Professional Documents
Culture Documents
1 Introduction
The impressive evolution of computer games and game engines provides researchers
a rich, visual, real-time environment to narrate stories. The potential for storytelling,
immersion and narrative within Virtual Environments (VE’s) developed with current
game engines is every time closer to cinema and films in terms of its visual
capabilities and appearance. However, only few research efforts approach storytelling
by using the cinematic expertise and cinematic rules to support the visual component
of interactive stories (e.g. providing visual designs that change according to plot or
interaction), with elements such as automatic camera placement or the election of the
best possible shot with some constraints.
Currently, most of the efforts related to the visual elements also include the
analysis of the narrative components (e.g. structure, plot, characters) and hence the
story generated, or narrated, is supported by different autonomous processes both in
the visual and the narrative parts. As of now, the story is supported by its visual
presentation (e.g. aiming to emphasize elements, choosing the correct shot), but no
research has been headed towards using camera shots to generate a story by mainly
the presentation of these shots. This latter approach develops a basic idea: the story
can be understood as the mere result of the images presented, a fact that provides the
camera a very large authorial responsibility. We understand that cinematic rules
applied to a storytelling system allow the visual presentation to narrate a story entirely
by camera positions and shots. We claim that, under these principles, we can generate
and narrate a story by merely the correct real-time election of camera shots, and basic
information about the scene and story. We propose using the elements within a
storytelling system (e.g. actors and their variables, scenario and its constraints, basic
narrative elements) and presenting them in a correct sequence that results in a story,
without the need of a large or complex authorial component: the camera can actually
obtain an important authorial task.
The apparent elimination of the authorial element in the conventional sense (or the
authorial component that becomes the base of authored narratives) does not aim to
minimize the author's role, but to present a principle in terms of the different possible
points of view that can prevail when no real author exists. With these conditions, all
the versions of a story are the result of some interpretation of a very basic plot and
some story elements. This principle is named Rashomon, after a film with that name.
In this paper, we present research efforts related to a specific cinematic approach in
interactive stories, and discuss the approach taken in relation to accomplishing a
Rashomon storyteller. It should be noted that this paper represents a work in progress.
2 Related Work
3 A Cinematic Approach
If we understand a movie as a series of scenes, we can then split these scenes into
shots (also called takes) and hence describe every single piece of a film from these
elements. Scenes are pieces of information that represent continuous space or time,
with unity in terms of the sense of the information shown, while takes are an
uninterrupted segment of actions, with unity in terms of the continuous image seen
from the camera. Both scenes and takes can be described by different common
‘templates’ of camera positions and/or movement, called idioms. Film idioms are the
basic parts of a cinematic language ontology, and are the result of many years of
experience from cinematographers, editors and directors.

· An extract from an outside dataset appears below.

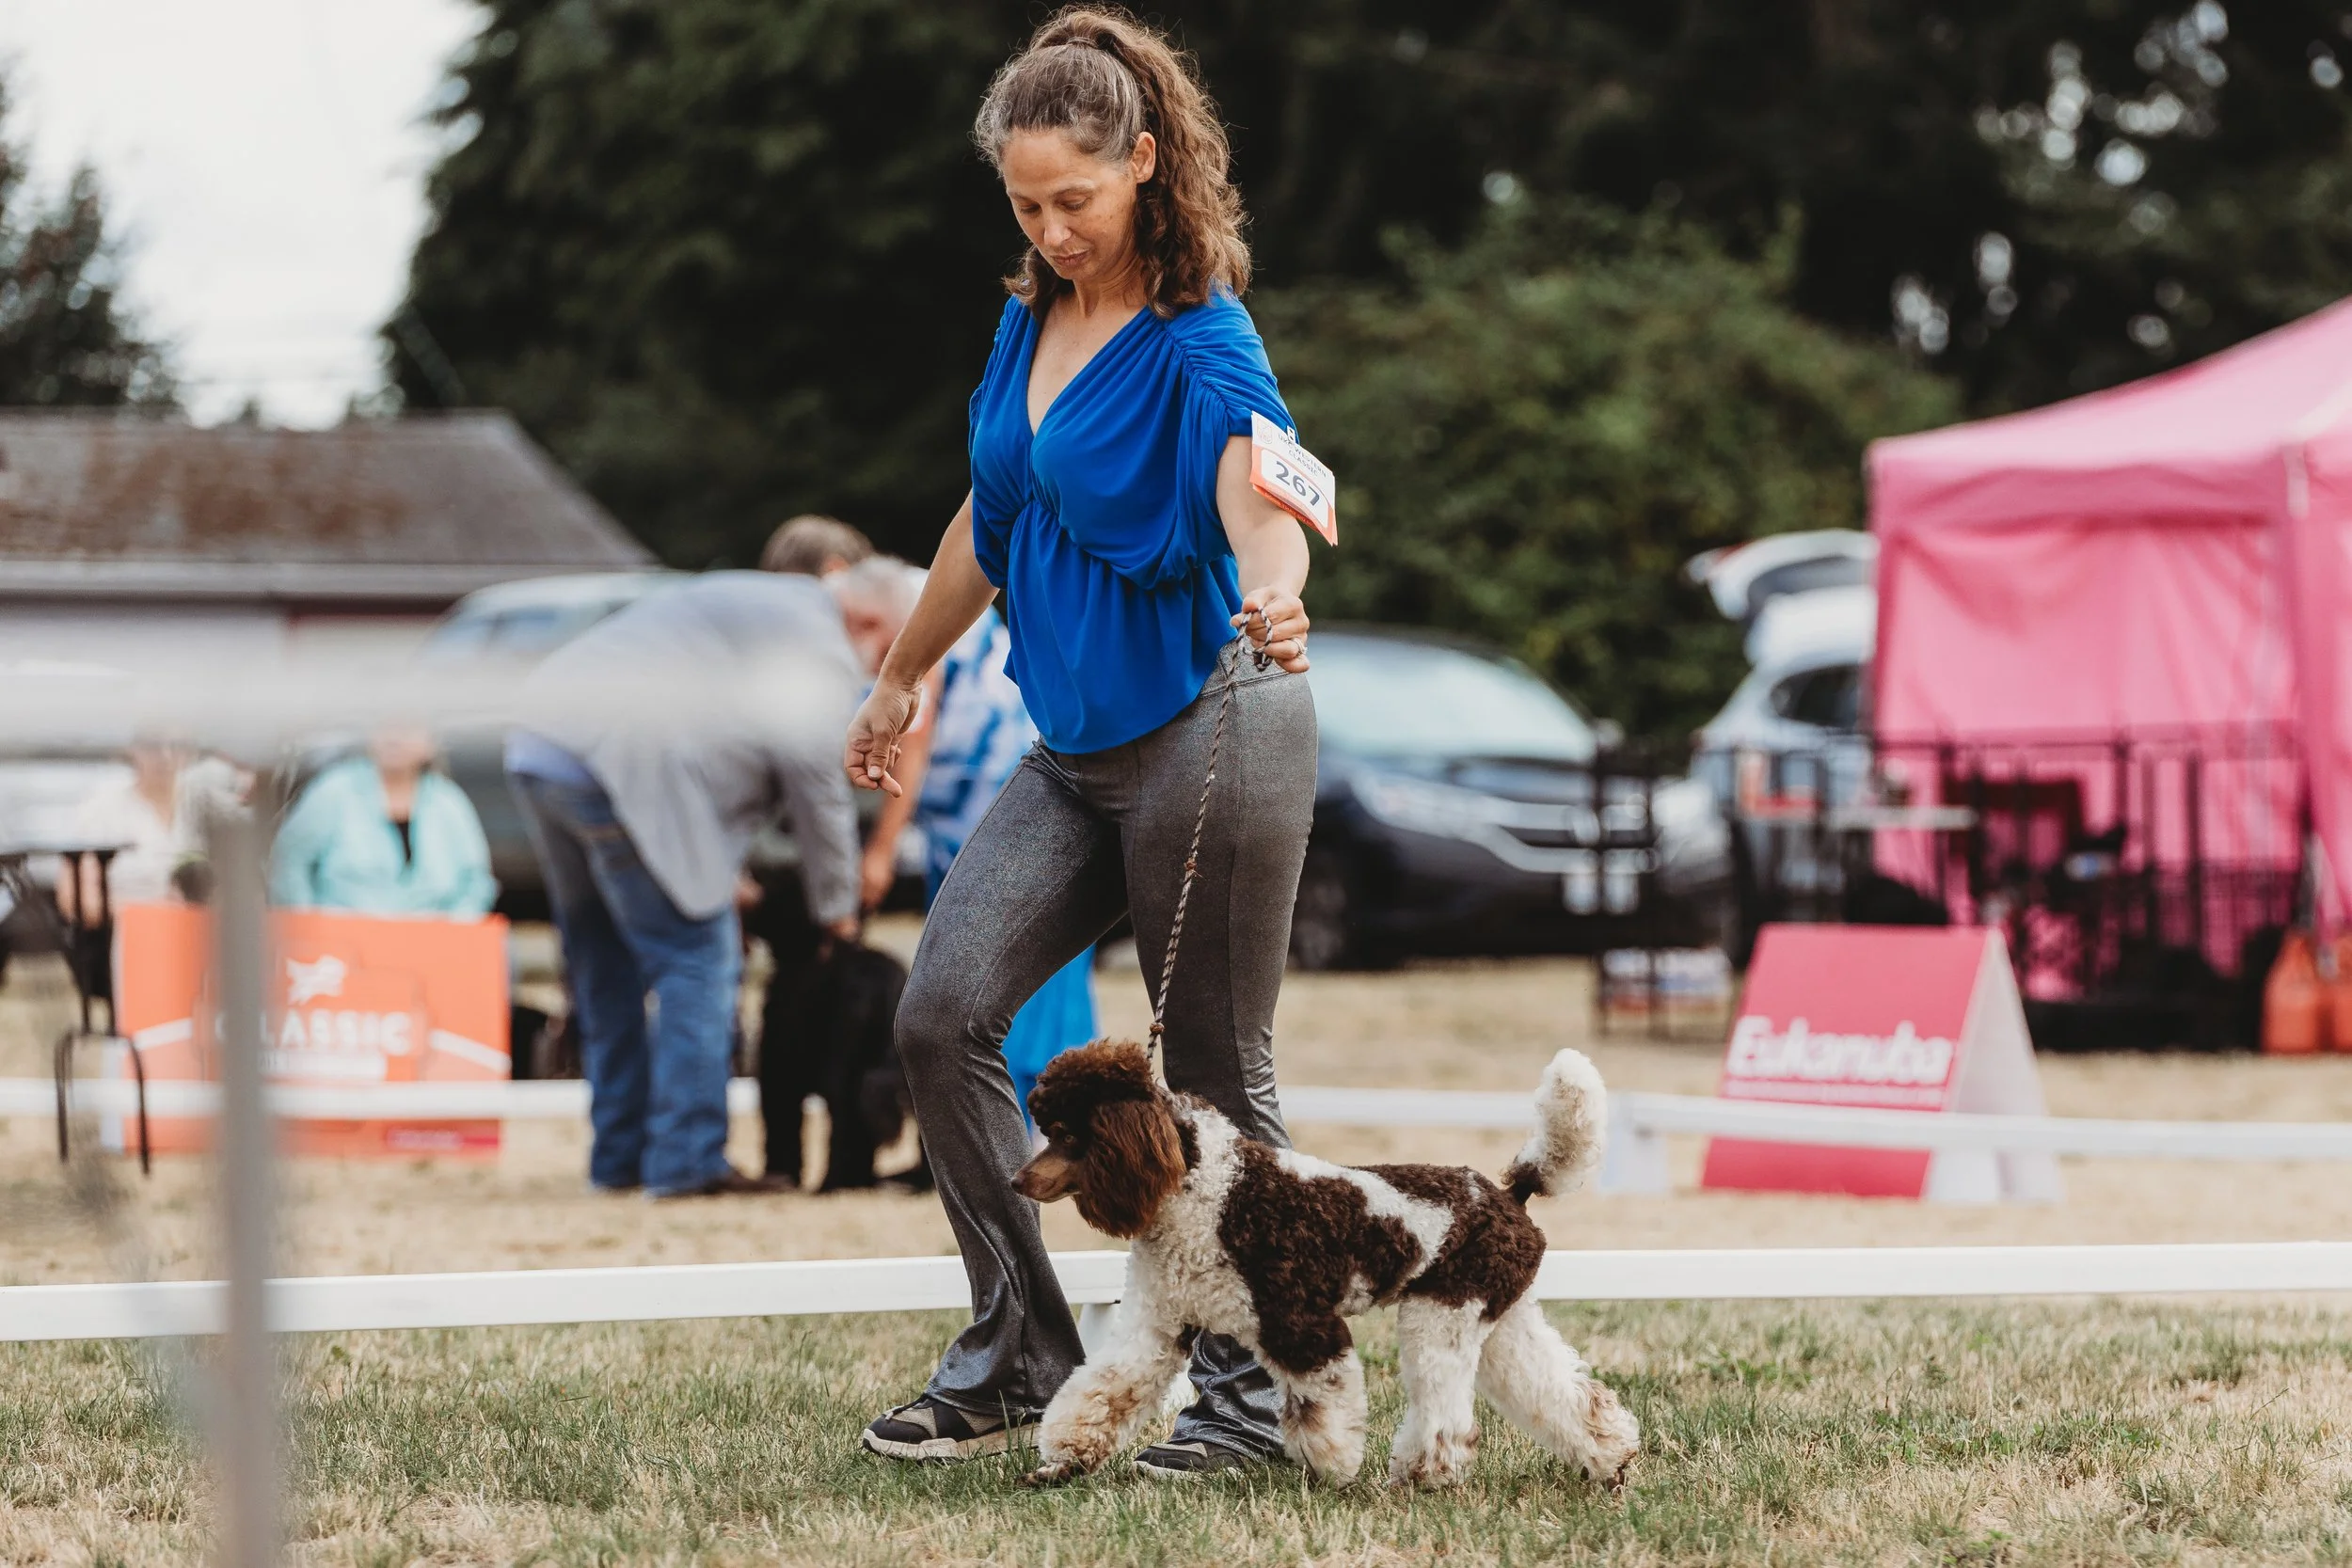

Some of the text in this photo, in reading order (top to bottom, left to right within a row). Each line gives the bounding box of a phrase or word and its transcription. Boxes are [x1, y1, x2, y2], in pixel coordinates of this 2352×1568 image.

[1288, 449, 1318, 477] CLASSIC
[1295, 447, 1327, 478] WESTERN
[1276, 461, 1320, 506] 267
[1727, 1015, 1953, 1085] Eukanuba

The visualization of a story implies the aspects related to its graphical
representation, and the way the creators aim to compose it, telling a plot but also
playing with emotions and overall producing a complete visual experience [9]. The
visualization process in a cinematic context usually covers several decisions related to
camera (position, movement, angle, focus), lighting (colour, intensity, direction,
shadows) and movement within the plot (characters, positions, blockings) [9, 10].
Cinema and movies have created a full structure to narrate stories, and most people
is absolutely comfortable with this approach: spectators, in general, perceive and
interpret when viewing and making sense of a film; cinematic elements such as close-
ups or editing conventions directly affect the spectator and its experience [11]. Film
language is clearly understood, the result of a learning process, and is very familiar to
most users. In some cases, the language is so precise and so well defined that many
different events can be narrated in the same way, and hence the resulting film idioms
that become the film language ontology (shot types, shot patterns).

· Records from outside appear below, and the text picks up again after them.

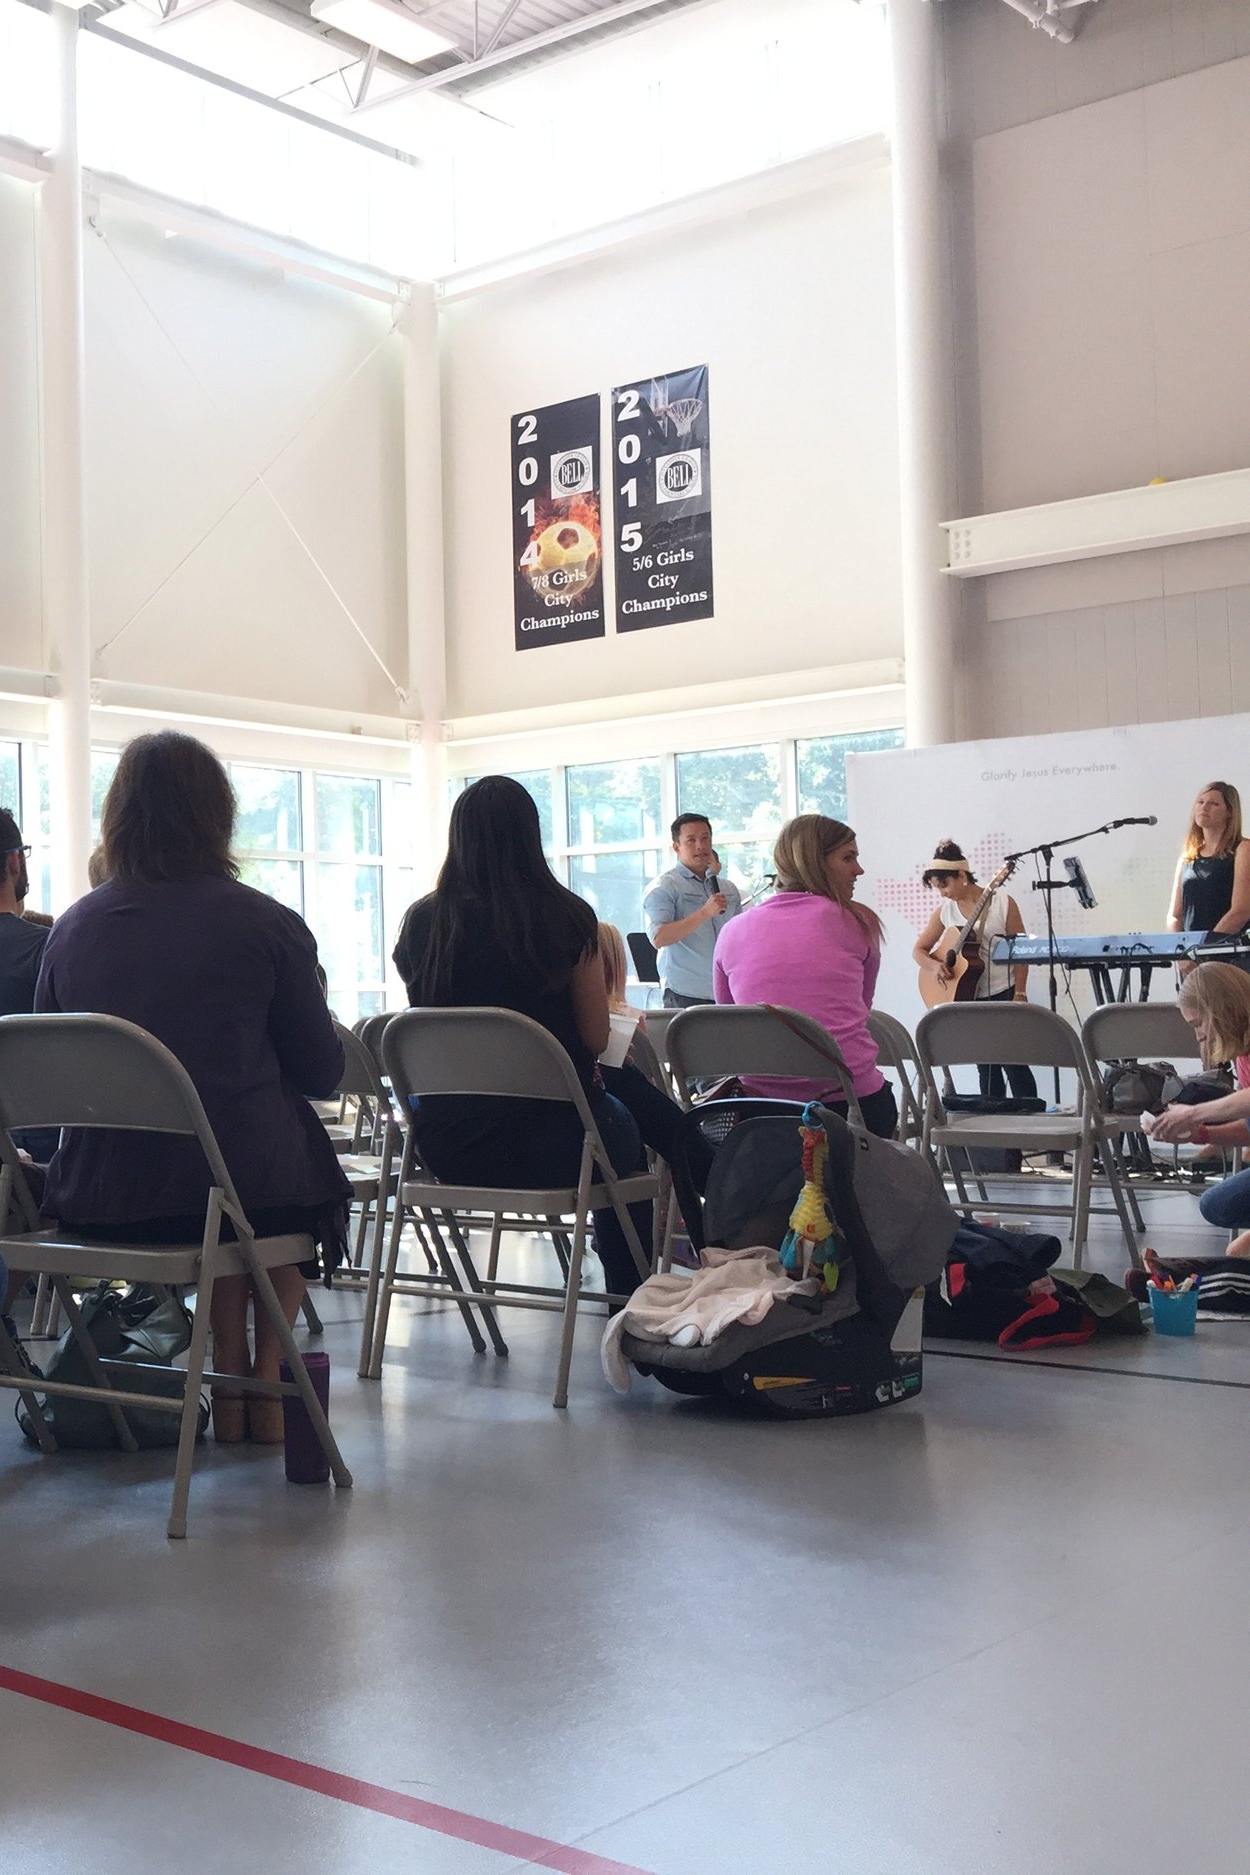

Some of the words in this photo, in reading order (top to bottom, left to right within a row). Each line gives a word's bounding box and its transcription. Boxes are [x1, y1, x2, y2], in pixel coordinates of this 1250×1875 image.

[561, 460, 583, 485] BELL
[667, 463, 692, 489] BELL
[632, 554, 653, 571] 5/6
[656, 548, 694, 566] Girls
[531, 574, 549, 590] 7/8
[552, 568, 587, 585] Girls
[647, 573, 679, 589] City
[544, 592, 573, 607] City
[621, 590, 708, 614] Champions
[520, 609, 599, 631] Champions
[980, 768, 1017, 782] Glorify
[1021, 768, 1048, 779] Jesus

Idioms, as the basis of a system, make use of cinematic notions in the sense of
classical filmmaking, but considering that VE’s and storytelling imply much more
possibilities and freedom than standard directing (e.g. by allowing complex camera
positioning and movements), idioms within a system require some degree of
constraints to handle all issues than standard filmmaking would control by itself, such
as the placement of the actors, the limitations in their movement, the previous
knowledge of what is going to happen next, an existing script, etc. As of now, film
idioms are appropriate for interactive fiction, and even in the case where the field
evolve to generate its own idioms, a cinematic approach is a first step and becomes
what we believe is a very useful starting point.
In general terms, a cinematic approach faces the initial tendency of most
animations in the first Interactive Storytelling (IS) systems, where the visual setup
was portrayed either from a specific character’s point of view, or from a small group
of pre-defined viewpoints. By lacking simple cinematic elements, such as camera
placement, we believe these interactive applications fail to value the visual
capabilities and knowledge developed by cinematographers for over a century. This
implies missing a very important expertise to which users are already familiar.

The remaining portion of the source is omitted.